+++ Exercise inputs
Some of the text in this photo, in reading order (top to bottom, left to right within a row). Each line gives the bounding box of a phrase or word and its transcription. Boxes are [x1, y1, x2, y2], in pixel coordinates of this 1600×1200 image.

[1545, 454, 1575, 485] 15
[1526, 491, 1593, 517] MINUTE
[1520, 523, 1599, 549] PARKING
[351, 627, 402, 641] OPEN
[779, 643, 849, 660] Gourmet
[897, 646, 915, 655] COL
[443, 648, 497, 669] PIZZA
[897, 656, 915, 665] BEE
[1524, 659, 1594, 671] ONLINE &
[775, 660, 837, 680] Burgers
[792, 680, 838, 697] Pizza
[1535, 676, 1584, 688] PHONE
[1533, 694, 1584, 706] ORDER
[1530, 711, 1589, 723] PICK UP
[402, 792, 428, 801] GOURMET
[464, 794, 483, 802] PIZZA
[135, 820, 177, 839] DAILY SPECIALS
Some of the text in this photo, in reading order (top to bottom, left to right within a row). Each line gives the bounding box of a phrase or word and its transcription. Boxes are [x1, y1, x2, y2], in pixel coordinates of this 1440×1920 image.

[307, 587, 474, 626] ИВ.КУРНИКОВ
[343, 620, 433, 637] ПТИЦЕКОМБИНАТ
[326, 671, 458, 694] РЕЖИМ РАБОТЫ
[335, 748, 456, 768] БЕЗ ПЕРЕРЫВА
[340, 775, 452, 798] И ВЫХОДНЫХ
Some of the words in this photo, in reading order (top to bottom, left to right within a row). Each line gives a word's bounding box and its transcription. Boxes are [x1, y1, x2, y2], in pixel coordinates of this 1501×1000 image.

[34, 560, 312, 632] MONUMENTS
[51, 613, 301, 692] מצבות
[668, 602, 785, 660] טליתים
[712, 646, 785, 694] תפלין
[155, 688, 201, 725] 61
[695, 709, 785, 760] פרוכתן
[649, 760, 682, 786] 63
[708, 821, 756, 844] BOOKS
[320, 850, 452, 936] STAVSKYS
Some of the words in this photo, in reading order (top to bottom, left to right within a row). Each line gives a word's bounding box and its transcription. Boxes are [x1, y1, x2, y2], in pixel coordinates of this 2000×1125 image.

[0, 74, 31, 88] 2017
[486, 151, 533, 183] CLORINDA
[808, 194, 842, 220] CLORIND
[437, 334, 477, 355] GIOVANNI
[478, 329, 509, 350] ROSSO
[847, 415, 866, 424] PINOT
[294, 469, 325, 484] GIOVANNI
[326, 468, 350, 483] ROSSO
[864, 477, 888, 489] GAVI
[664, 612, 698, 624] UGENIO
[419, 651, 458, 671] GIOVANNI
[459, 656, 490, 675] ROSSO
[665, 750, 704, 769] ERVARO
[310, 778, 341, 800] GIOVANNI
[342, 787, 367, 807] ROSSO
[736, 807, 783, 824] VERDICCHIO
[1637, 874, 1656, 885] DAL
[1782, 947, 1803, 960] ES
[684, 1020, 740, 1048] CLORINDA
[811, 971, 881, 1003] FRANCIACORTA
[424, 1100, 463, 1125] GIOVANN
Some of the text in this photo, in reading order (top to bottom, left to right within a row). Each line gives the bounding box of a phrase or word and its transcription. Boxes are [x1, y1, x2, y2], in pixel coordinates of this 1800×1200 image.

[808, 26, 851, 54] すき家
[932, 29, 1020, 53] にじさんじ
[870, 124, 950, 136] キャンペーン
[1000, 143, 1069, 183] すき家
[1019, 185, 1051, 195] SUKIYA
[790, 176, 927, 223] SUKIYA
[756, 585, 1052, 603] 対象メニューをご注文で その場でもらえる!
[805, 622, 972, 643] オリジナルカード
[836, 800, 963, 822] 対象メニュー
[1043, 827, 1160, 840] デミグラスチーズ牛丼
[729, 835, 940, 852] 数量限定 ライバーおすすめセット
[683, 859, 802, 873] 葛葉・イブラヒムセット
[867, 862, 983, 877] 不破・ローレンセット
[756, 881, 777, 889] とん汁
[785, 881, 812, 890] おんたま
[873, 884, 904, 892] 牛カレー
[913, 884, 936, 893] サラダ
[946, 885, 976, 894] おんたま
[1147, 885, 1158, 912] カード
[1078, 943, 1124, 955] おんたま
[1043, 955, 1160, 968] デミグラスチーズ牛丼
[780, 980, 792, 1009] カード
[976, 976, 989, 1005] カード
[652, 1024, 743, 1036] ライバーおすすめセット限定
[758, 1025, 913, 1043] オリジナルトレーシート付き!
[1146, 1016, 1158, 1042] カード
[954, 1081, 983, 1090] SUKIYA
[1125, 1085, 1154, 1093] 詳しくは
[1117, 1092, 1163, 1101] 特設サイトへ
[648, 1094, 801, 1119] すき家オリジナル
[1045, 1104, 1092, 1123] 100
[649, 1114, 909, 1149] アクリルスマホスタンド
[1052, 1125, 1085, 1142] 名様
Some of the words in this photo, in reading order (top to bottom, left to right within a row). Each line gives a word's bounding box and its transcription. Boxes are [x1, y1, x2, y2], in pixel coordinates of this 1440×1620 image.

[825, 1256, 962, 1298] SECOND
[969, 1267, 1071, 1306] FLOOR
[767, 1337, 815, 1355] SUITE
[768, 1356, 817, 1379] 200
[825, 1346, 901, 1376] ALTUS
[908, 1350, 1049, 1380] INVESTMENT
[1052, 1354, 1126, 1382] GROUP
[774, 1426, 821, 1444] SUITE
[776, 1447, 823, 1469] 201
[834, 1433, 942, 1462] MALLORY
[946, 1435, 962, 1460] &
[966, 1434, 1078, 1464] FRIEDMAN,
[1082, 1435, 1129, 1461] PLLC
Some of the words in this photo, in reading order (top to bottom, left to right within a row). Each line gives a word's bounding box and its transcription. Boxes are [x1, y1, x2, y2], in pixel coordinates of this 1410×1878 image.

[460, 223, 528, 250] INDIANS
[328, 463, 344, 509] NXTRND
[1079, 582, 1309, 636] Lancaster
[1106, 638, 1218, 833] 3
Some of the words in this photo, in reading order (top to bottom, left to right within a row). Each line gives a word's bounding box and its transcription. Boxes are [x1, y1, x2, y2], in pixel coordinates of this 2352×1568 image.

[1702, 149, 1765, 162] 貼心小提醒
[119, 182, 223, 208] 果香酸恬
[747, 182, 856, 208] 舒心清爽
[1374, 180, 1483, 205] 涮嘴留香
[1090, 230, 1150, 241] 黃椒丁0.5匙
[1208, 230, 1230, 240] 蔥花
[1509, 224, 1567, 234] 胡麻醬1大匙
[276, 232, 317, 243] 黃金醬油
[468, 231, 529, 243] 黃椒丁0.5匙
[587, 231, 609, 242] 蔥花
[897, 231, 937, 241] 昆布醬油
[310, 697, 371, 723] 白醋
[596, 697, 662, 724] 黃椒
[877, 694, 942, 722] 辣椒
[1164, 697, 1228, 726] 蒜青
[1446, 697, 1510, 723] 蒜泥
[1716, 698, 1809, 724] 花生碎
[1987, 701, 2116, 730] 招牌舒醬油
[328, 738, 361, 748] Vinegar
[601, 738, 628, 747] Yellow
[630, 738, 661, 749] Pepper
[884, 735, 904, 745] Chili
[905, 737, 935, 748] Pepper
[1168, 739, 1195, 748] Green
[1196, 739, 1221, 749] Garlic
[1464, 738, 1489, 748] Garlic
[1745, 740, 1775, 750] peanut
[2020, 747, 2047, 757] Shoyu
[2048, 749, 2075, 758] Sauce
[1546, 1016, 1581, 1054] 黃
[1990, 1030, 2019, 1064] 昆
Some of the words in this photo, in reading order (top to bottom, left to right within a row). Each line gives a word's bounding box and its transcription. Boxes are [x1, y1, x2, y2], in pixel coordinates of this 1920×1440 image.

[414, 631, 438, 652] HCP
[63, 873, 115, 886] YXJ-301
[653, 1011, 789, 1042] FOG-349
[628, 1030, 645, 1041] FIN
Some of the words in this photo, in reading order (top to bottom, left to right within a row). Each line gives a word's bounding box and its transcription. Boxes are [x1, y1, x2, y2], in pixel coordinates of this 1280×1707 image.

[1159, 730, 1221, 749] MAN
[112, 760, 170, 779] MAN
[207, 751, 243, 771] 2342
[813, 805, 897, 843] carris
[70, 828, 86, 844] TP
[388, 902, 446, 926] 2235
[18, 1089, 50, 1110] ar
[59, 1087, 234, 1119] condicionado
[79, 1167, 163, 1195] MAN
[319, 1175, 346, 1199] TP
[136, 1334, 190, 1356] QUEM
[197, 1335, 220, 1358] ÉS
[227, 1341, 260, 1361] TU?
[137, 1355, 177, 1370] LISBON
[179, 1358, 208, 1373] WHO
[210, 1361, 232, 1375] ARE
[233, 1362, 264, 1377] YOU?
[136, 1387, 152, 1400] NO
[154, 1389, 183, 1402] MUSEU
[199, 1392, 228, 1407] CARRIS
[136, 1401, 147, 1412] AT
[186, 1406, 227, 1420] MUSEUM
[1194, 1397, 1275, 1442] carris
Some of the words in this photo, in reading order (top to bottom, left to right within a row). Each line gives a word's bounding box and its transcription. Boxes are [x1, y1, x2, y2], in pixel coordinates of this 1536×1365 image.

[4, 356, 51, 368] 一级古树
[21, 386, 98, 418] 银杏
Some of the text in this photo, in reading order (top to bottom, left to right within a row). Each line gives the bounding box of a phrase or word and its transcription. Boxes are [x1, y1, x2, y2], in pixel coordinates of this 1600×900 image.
++++++
## [Requirement]
All lines starting at the one holding "this 1536×1365 image." and ending at the last line above must be output exactly, and no other line may appear.

## [Written response]
Some of the words in this photo, in reading order (top to bottom, left to right within a row). Each line gives a word's bounding box and its transcription. Boxes are [x1, y1, x2, y2], in pixel coordinates of this 1536×1365 image.

[4, 356, 51, 368] 一级古树
[21, 386, 98, 418] 银杏
Some of the text in this photo, in reading order (top to bottom, left to right within a row). Each line gives the bounding box of a phrase or word and its transcription. Boxes are [x1, y1, x2, y2], in pixel coordinates of this 1600×900 image.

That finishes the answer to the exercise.